Source records
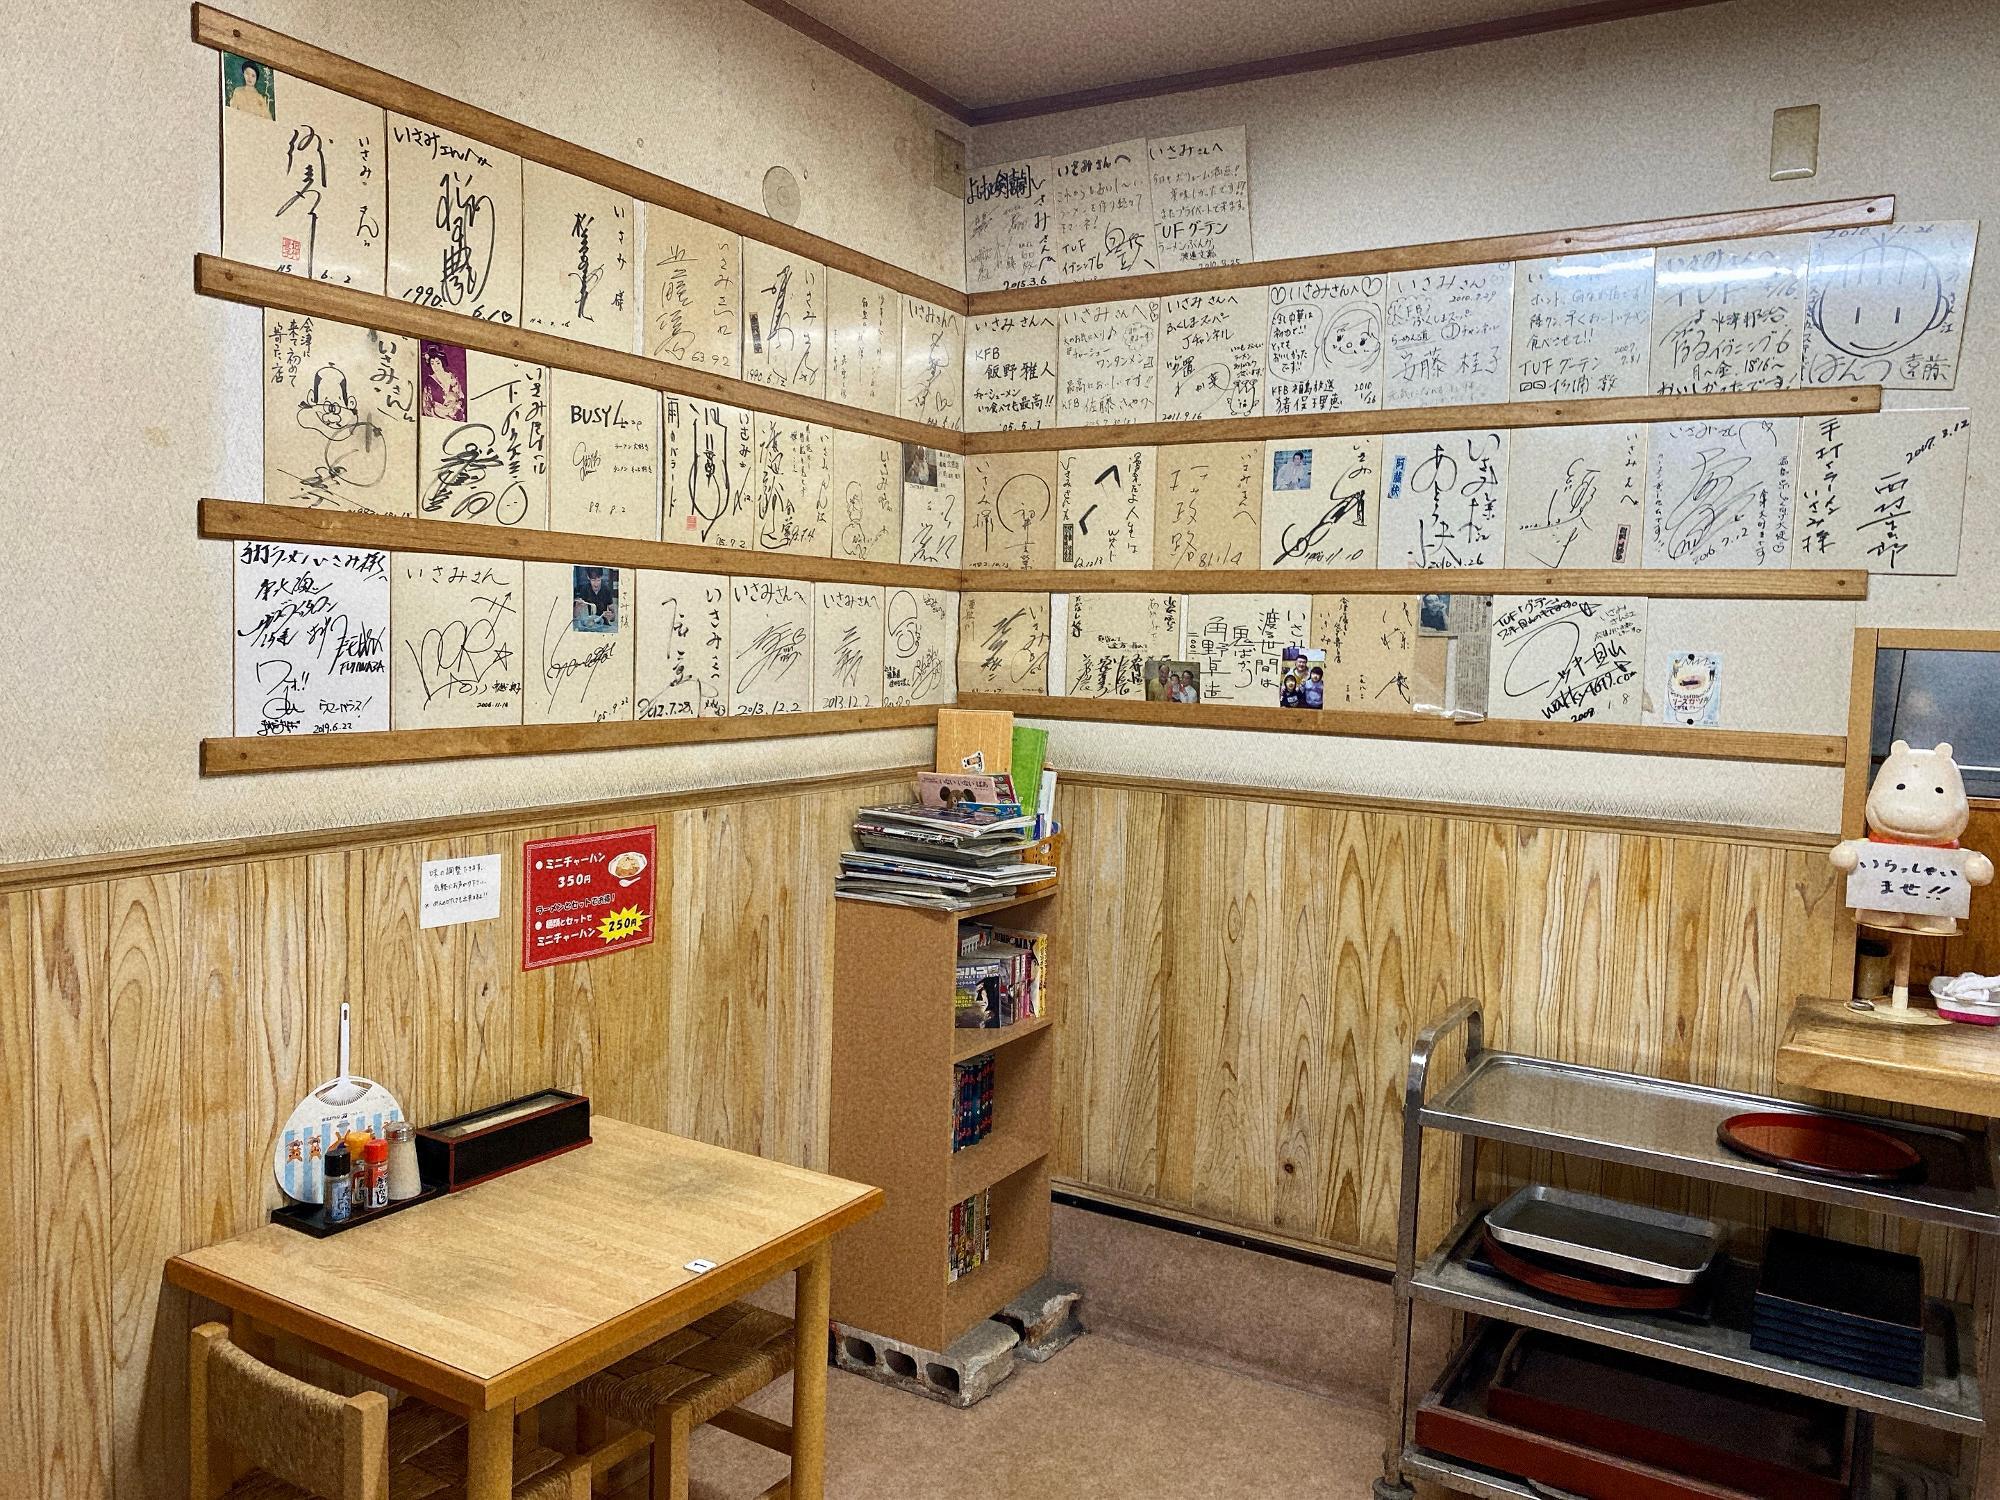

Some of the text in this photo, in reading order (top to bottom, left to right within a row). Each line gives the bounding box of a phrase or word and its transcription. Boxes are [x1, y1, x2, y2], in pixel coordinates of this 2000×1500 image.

[974, 346, 1000, 361] KFB
[571, 404, 612, 427] BUSY
[545, 852, 606, 871] ミニチャーハン
[557, 874, 591, 889] 350円
[608, 916, 638, 933] 250円
[536, 926, 597, 947] ミニチャーハン
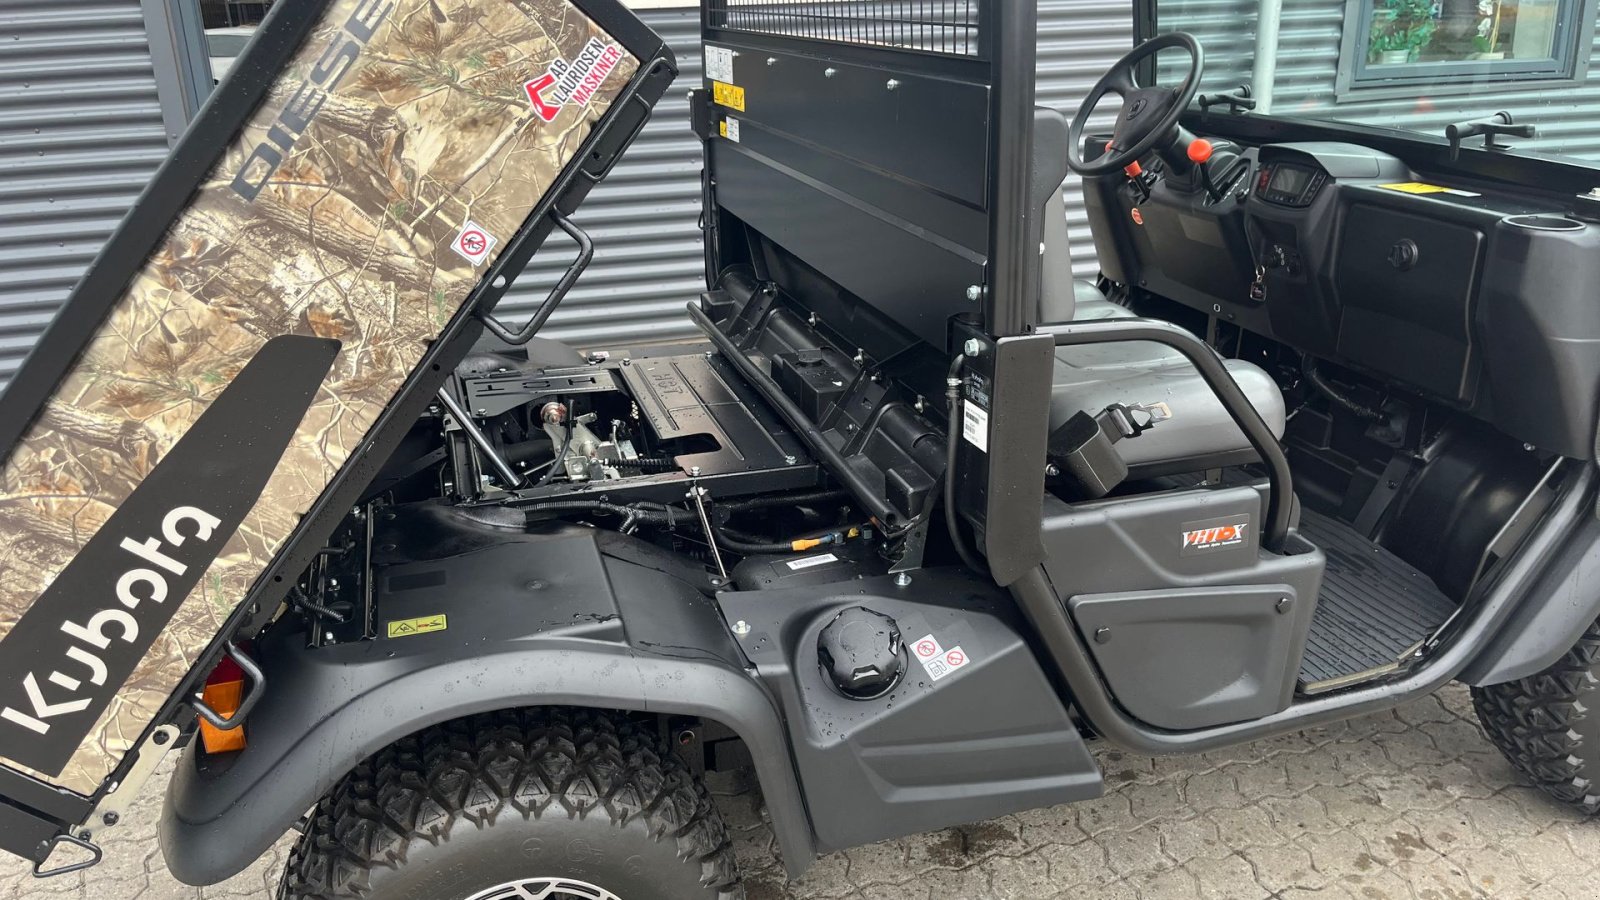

What you should do:
Copy every record above exactly as written, but leave out the pictures.

Response area:
Some of the text in this photo, in reading order (top to bottom, left to right within a row). Each line gives the bounding box of a phrase or word and its transcription. Boxes are [x1, y1, x2, y2], in pixel coordinates of this 2000×1500 image.

[974, 346, 1000, 361] KFB
[571, 404, 612, 427] BUSY
[545, 852, 606, 871] ミニチャーハン
[557, 874, 591, 889] 350円
[608, 916, 638, 933] 250円
[536, 926, 597, 947] ミニチャーハン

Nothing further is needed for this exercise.